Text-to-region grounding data
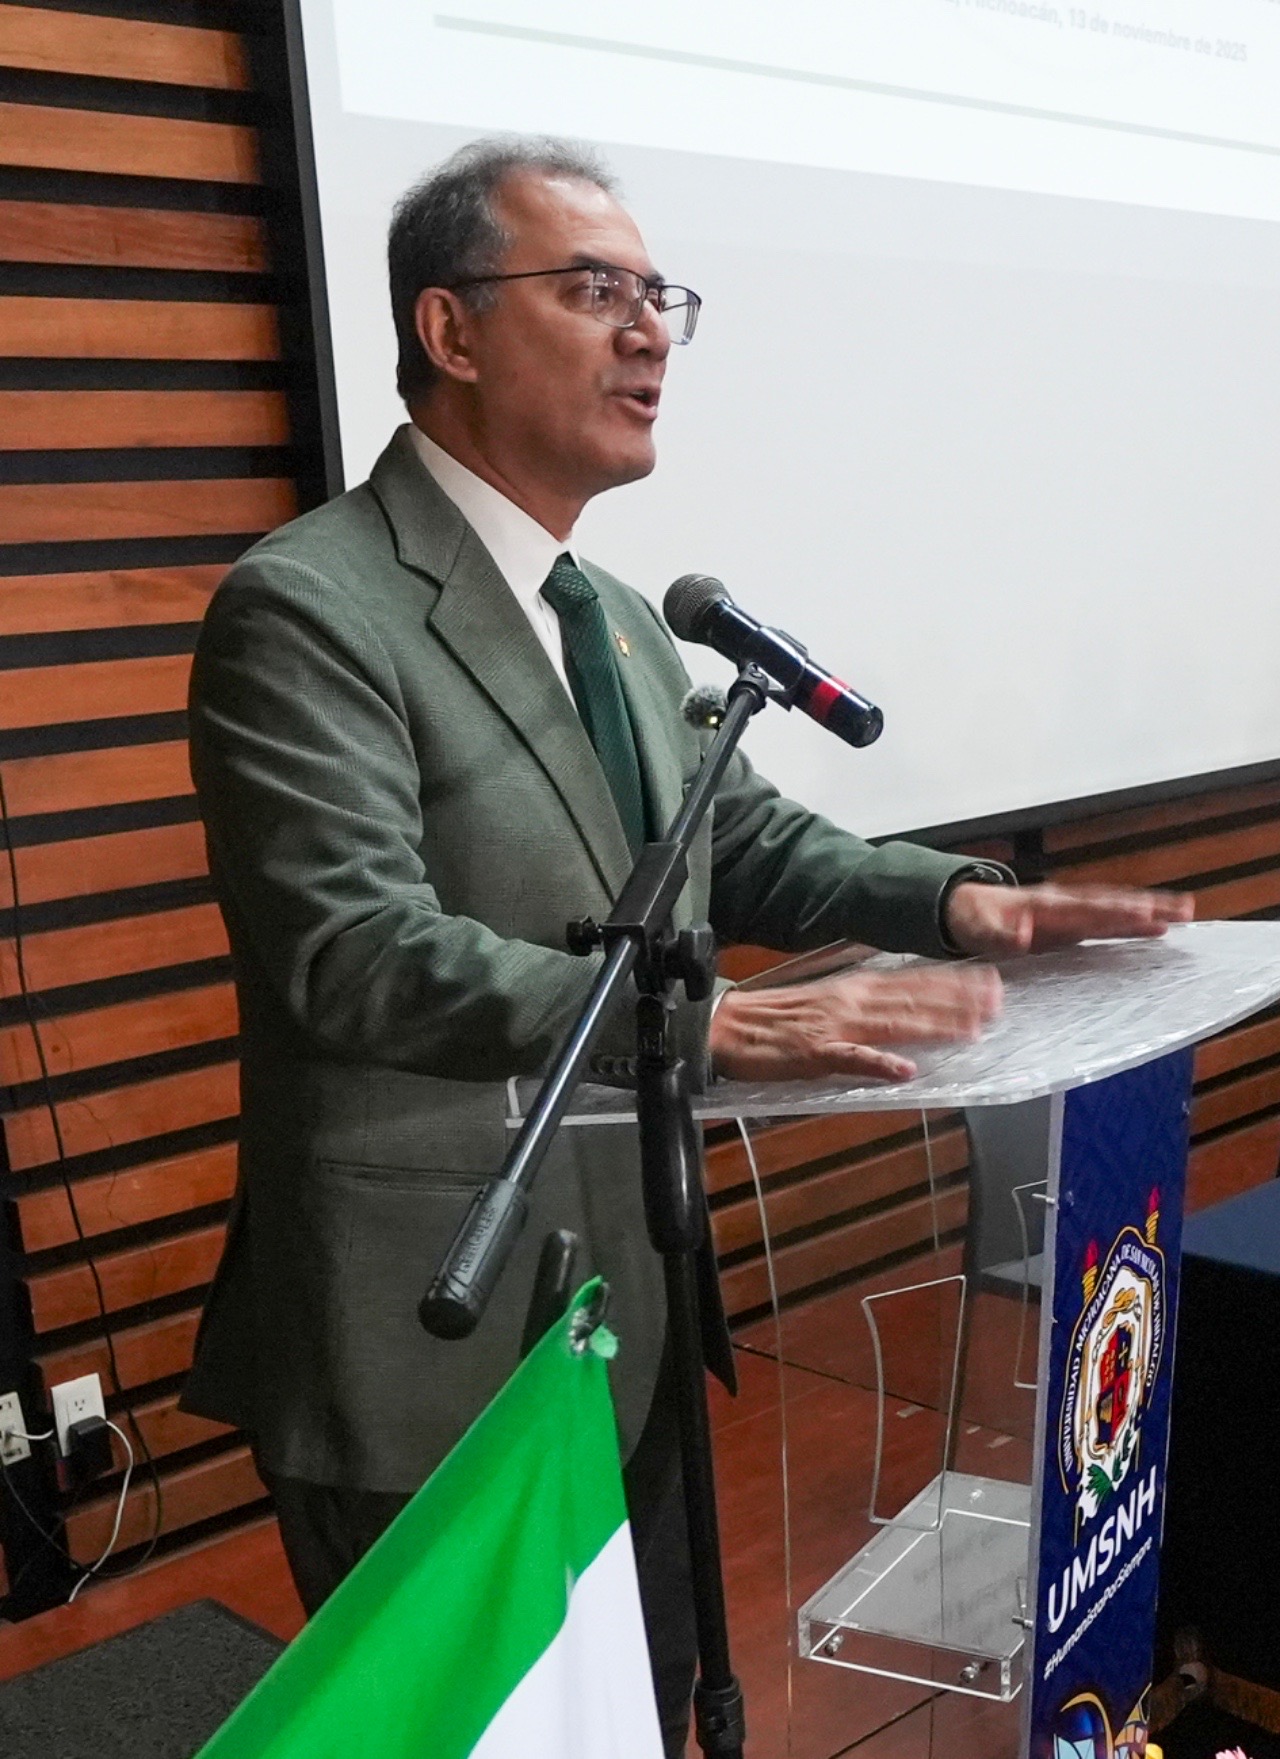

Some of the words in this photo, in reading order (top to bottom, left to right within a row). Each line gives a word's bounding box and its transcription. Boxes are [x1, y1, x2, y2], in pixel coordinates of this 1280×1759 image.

[1069, 8, 1086, 29] 13
[1089, 12, 1109, 34] de
[1112, 21, 1191, 51] noviembre
[1194, 35, 1212, 55] de
[1214, 37, 1248, 62] 2025
[1043, 1536, 1153, 1681] #HumanistaPorSiempre
[1048, 1465, 1157, 1633] UMSNH
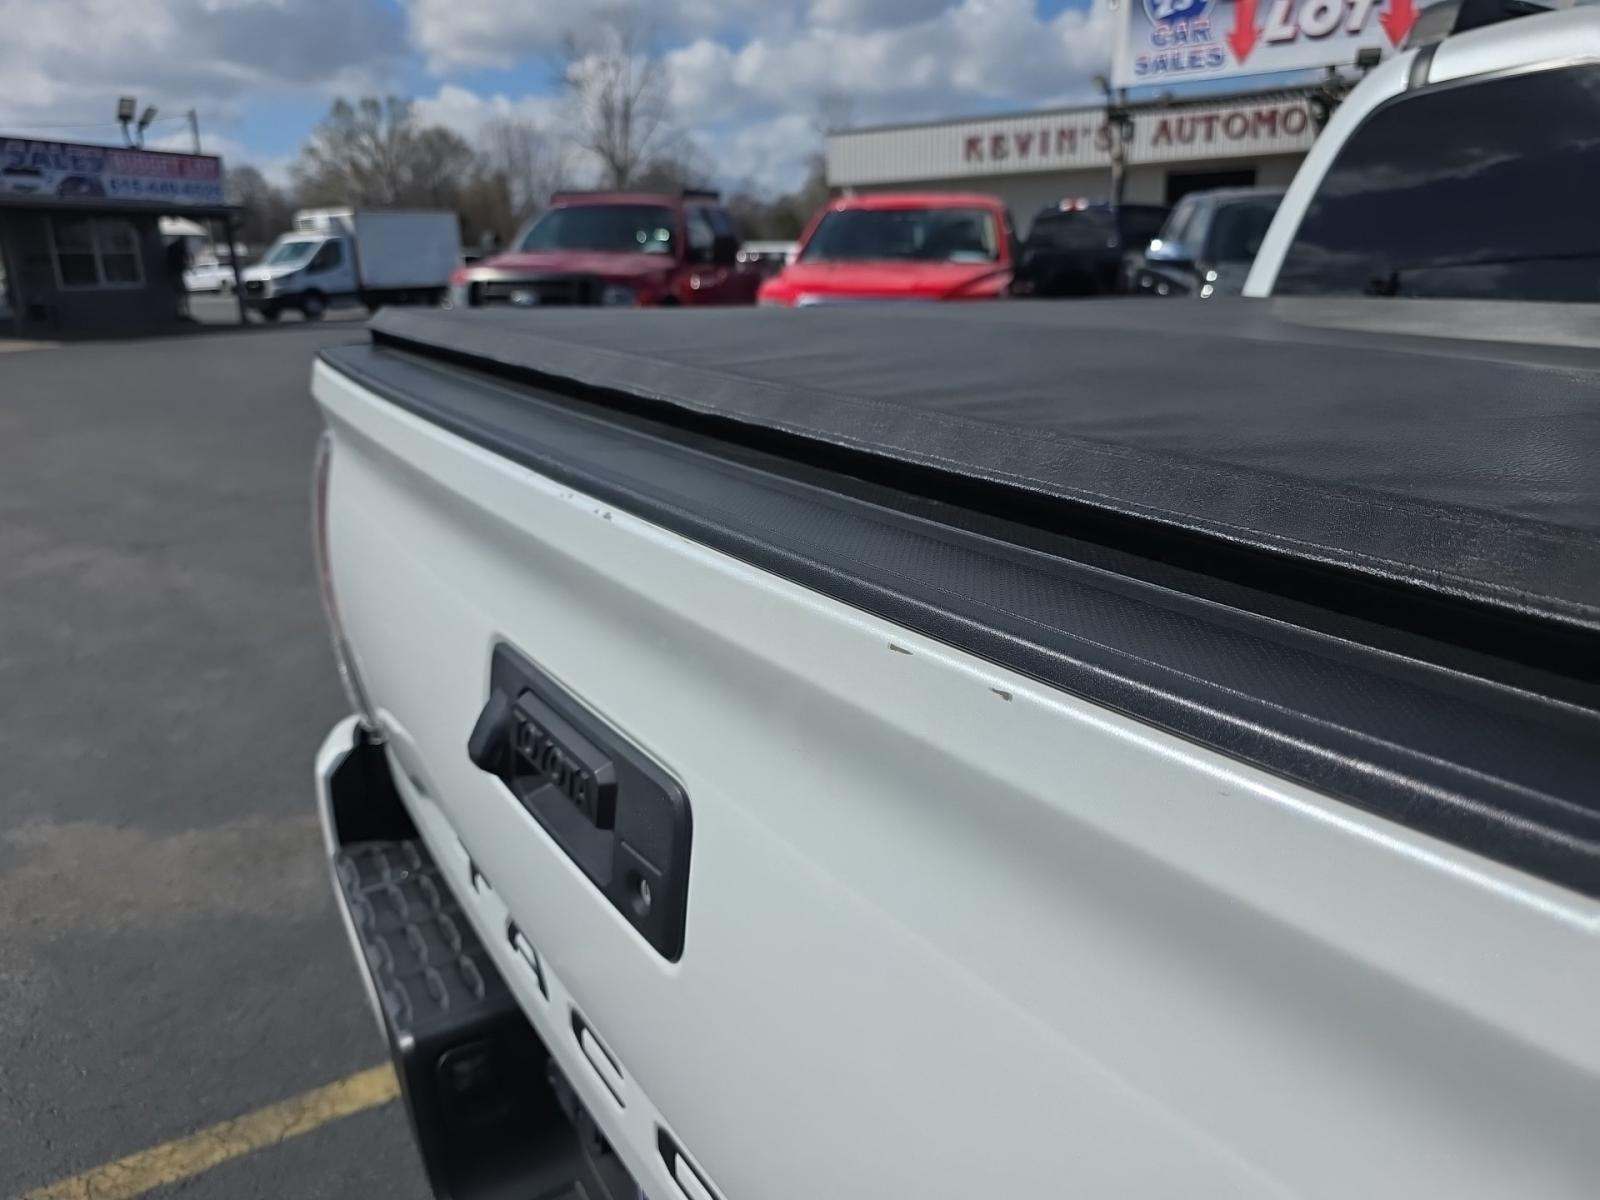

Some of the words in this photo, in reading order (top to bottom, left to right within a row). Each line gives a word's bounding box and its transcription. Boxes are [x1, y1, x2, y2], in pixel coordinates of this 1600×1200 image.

[1151, 19, 1211, 46] CAR
[1135, 46, 1224, 76] SALES
[964, 124, 1113, 162] KEVIN'S
[1152, 107, 1308, 147] AUTOMO

### Exercise
Only the text of the records belongs in your answer, copied exactly as it appears above.

### Reply
Some of the words in this photo, in reading order (top to bottom, left to right within a row). Each line gives a word's bounding box and its transcription. Boxes are [x1, y1, x2, y2], in pixel coordinates of this 1280×1759 image.

[1069, 8, 1086, 29] 13
[1089, 12, 1109, 34] de
[1112, 21, 1191, 51] noviembre
[1194, 35, 1212, 55] de
[1214, 37, 1248, 62] 2025
[1043, 1536, 1153, 1681] #HumanistaPorSiempre
[1048, 1465, 1157, 1633] UMSNH

Some of the words in this photo, in reading order (top to bottom, left to right within a row). Each line gives a word's bounding box and its transcription. Boxes are [x1, y1, x2, y2], in pixel coordinates of this 1600×1200 image.

[1151, 19, 1211, 46] CAR
[1135, 46, 1224, 76] SALES
[964, 124, 1113, 162] KEVIN'S
[1152, 107, 1308, 147] AUTOMO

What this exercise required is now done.